"Ik heb altijd gedacht dat het Paradijs een soort bibliotheek zou zijn" - Jorge Luis Borges

Historische stadsatlas NL

Woensdag, 5 januari, 2022

Geschreven door: Martin Berendse, Paul Brood
Artikel door: Vera Weterings

Derde deel in de reeks

[Recensie] In de Historische stadsatlas NL staan de Nederlandse steden centraal. Het is het derde deel in een reeks, eerder verschenen in het Archievenblad recensies van het eerste deel waarin het ontstaan van ons land centraal stond en het tweede deel waarbij de focus lag op de geschiedenis van streken en regio’s.

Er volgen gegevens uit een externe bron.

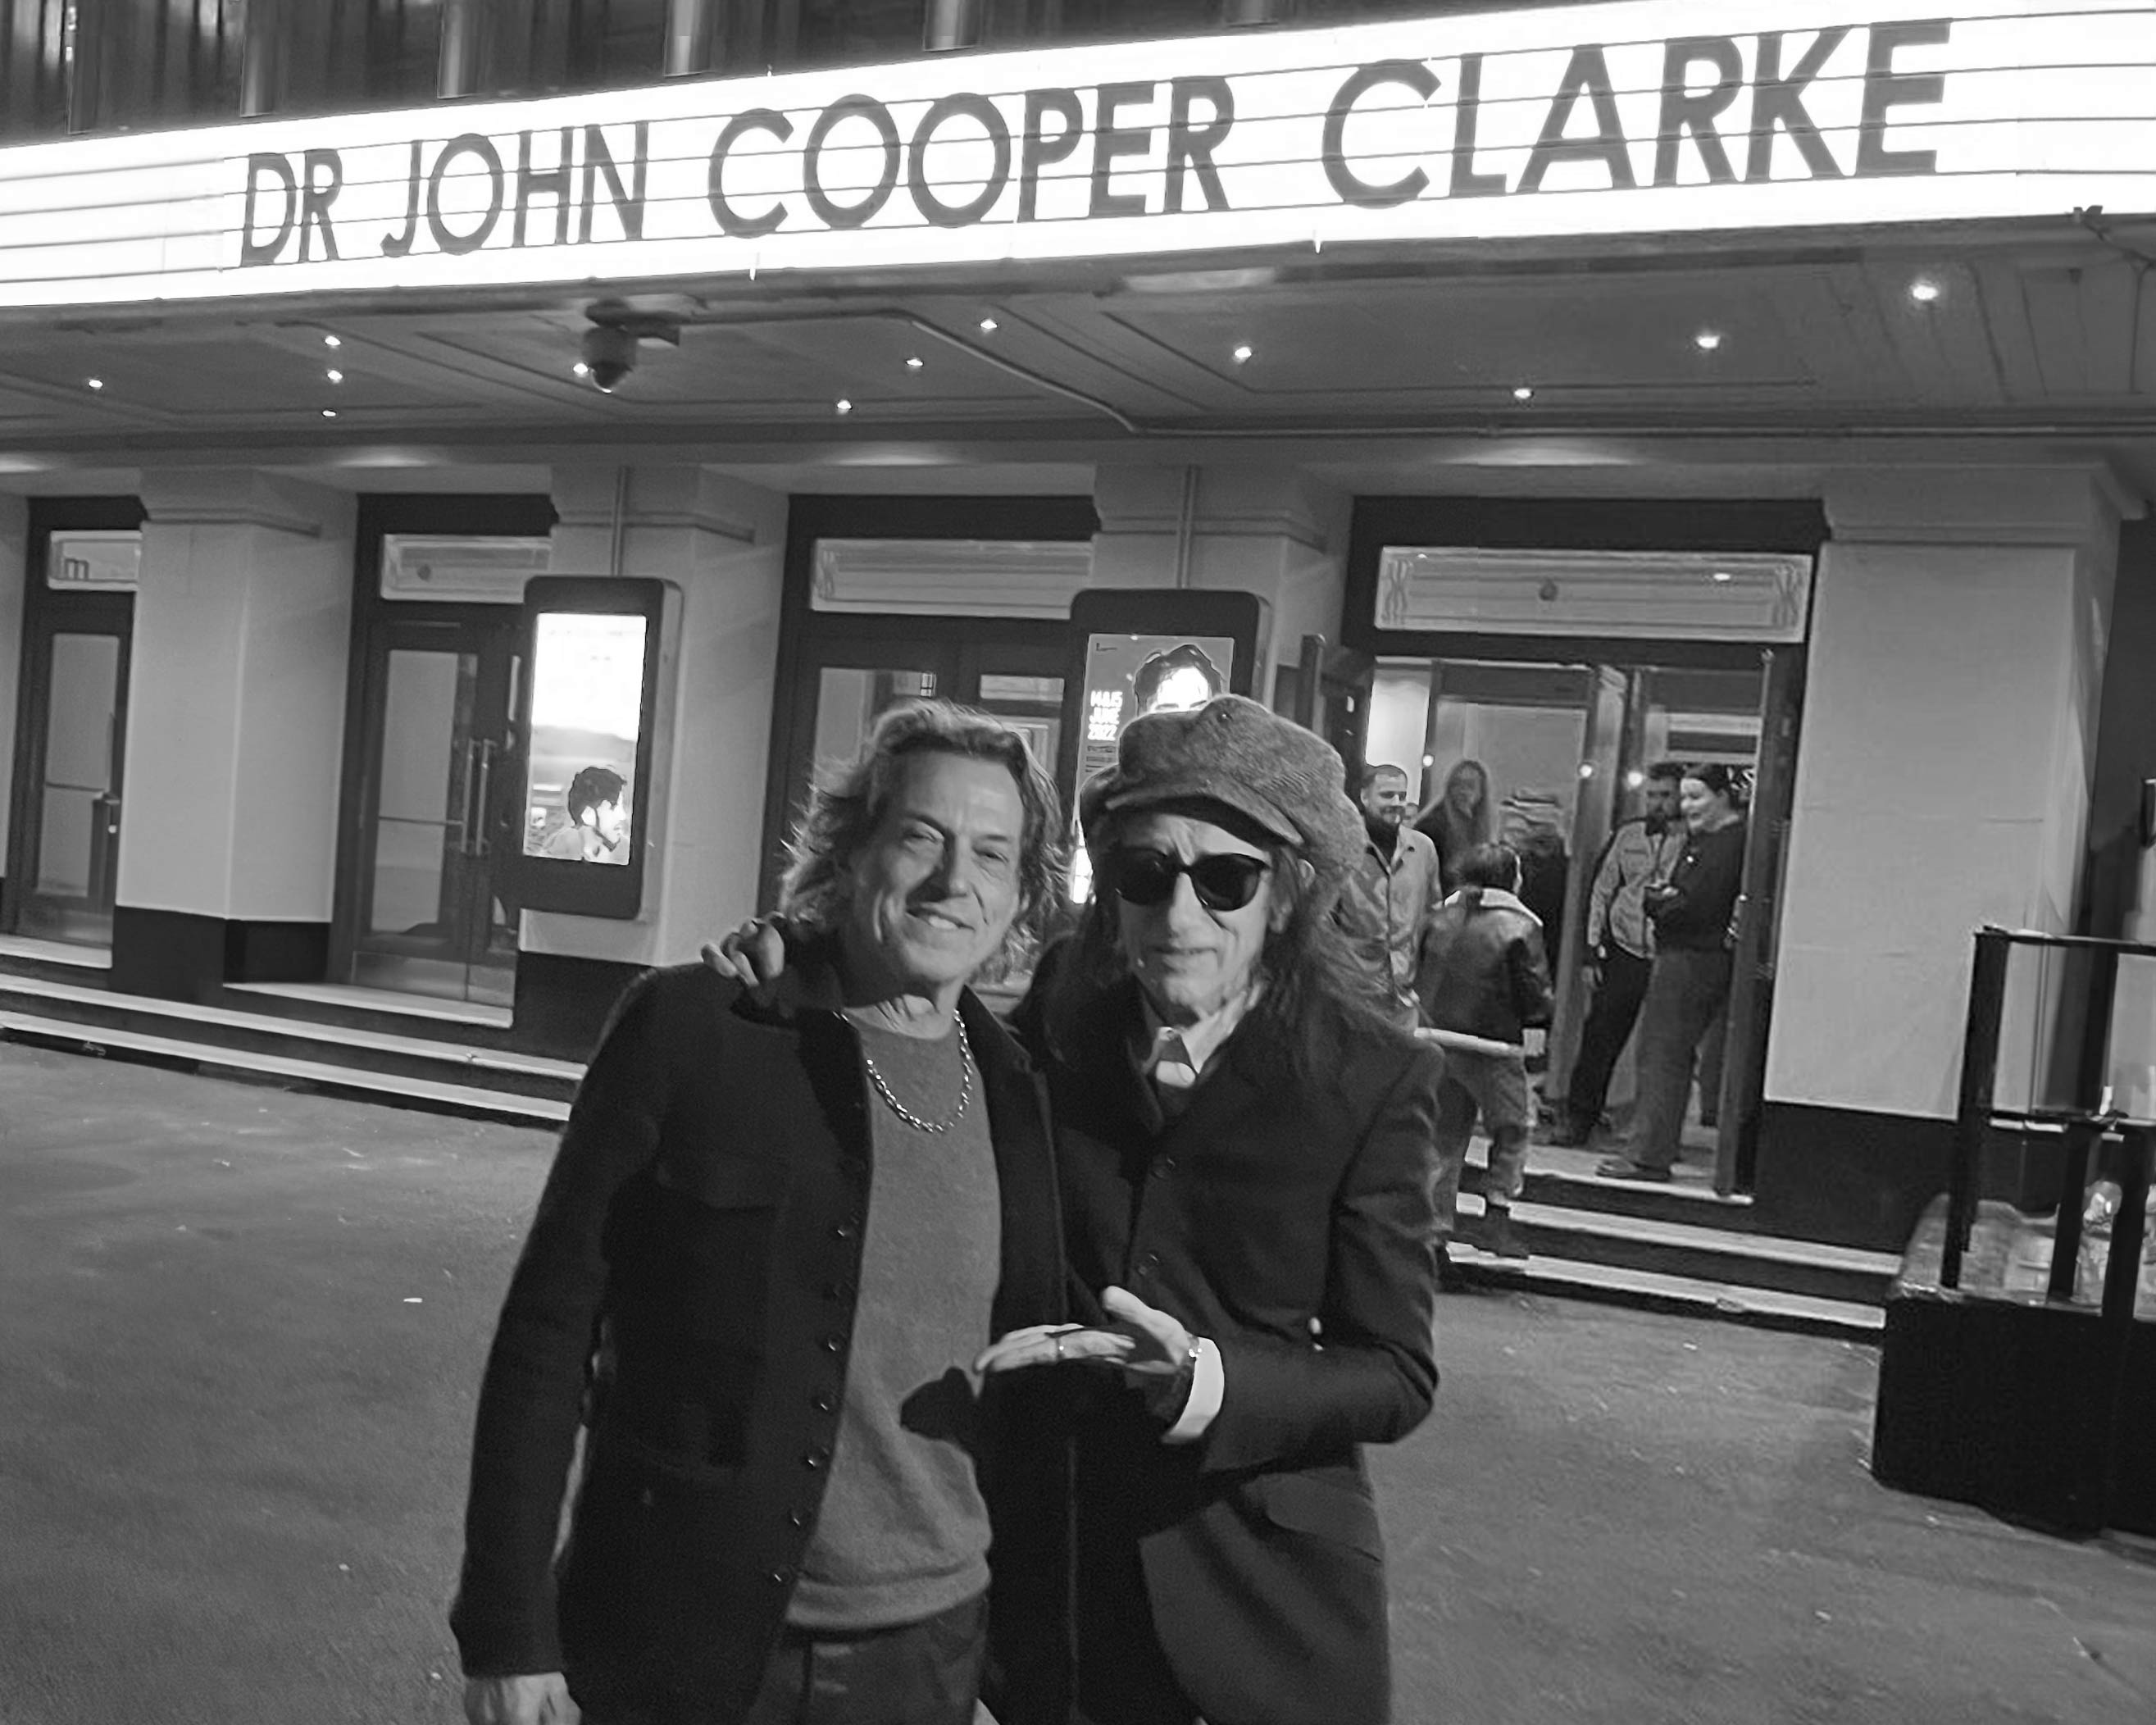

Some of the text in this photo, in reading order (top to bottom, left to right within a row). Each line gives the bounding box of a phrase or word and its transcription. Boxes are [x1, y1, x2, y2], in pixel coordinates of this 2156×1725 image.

In het derde deel behandelen auteursduo Martin Berendse en Paul Brood in vijf hoofdstukken de Nederlandse stadsgeschiedenis in al zijn facetten; van het verzanden en verdwijnen van steden als Reimerswaal, Hughevliet en Nievaart tot het effect van trekvaarten op de ontsluiting van steden en van de belangrijke rol die armen- en weeshuizen speelden op het gebied van liefdadigheid tot de bloei van het culturele leven met de opkomst van concertgebouwen en bioscopen.

Brede benadering

In het verleden zijn al boekenkasten vol geschreven over de vraag wat een stad is. Je kunt de definitie immers vanuit verschillende perspectieven benaderen; historisch-formeel, fysiek-bouwkundig en sociaal-maatschappelijk. In de Historische stadsatlas NL is vanuit een interdisciplinair oogpunt naar steden gekeken waarbij de belangrijkste kenmerken vanuit de verschillende disciplines leidend zijn geweest. Hierdoor biedt de atlas niet alleen vanuit historisch oogpunt interessante invalshoeken, maar ook vanuit de bouwkunde, sociologie en economie. Wanneer je vanuit een historisch-formeel oogpunt kijkt hebben steden een stedelijke geschiedenis waarbij vroeger het verkrijgen van stadsrechten centraal stond en tegenwoordig de creatie van een stad als stedelijke geschiedenis kan worden gezien wanneer we Lelystad en Almere als voorbeelden nemen. Als je het met een fysiek-bouwkundige blik bekijkt zijn steden dichtbebouwd en hebben deze specifieke uiterlijke kenmerken zoals pleinen, markten, publieke gebouwen en voorzieningen, verdedigingswerken en poorten. Tot slot kun je een stad vanuit sociaal-maatschappelijk perspectief zeggen dat steden dichtbevolkt zijn met daarin een veelzijdigheid aan mensen waarbij het achterland allerlei economische, sociale en culturele functies vervult.

Nederland Stedenland

Boekenkrant

Met een chronologische benadering behandelen Berendse en Brood stap voor stap de stedelijke ontwikkeling van Nederland. De lezer start bij de Romeinen en Franken en beland vervolgens in de bloeiperiode van de zestiende en zeventiende eeuw. In deze paragrafen is duidelijk te lezen hoe machtig de stadsbesturen in Nederland waren. Hoewel er toen sprake was van de Republiek der Zeven Verenigde Nederlanden kwam dit in de praktijk eigenlijk neer op de Republiek der 56 Verenigde Steden, waarvan de grootste Hollandse steden duidelijk het voortouw hadden nadat zij zich in 1572 hadden afgewend van de Spaanse koning. Raadpensionarissen Johan van Oldenbarnevelt en Johan de Witt zagen Holland vooral als stedenbond waarbij de Staten-Generaal en de gewesten weinig voor het zeggen hadden. En ook in andere gewesten hadden de steden een sterke autonome positie al hadden de landadel en de herenboeren daar wat meer in de melk te brokkelen. Na deze glorieuze tijd is aandacht voor de stagnatie en terugval in de achttiende eeuw en de opkomst van de industrie in de negentiende eeuw. Het boek eindigt met het hoofdstuk de moderne stad waarin onder meer de wederopbouw en de opkomst van VINEX-, vogelaar- en yuppenwijken wordt besproken. Zo komen in deze atlas allerhande aspecten van de Nederlandse stedengeschiedenis aan bod en dat ook nog eens rijkelijk geïllustreerd aan de hand van vele historische kaarten, archiefstukken, schetsen, ontwerpen en eigentijdse foto’s. kortom, een lust voor het oog en een feest van herkenning voor menig archivaris.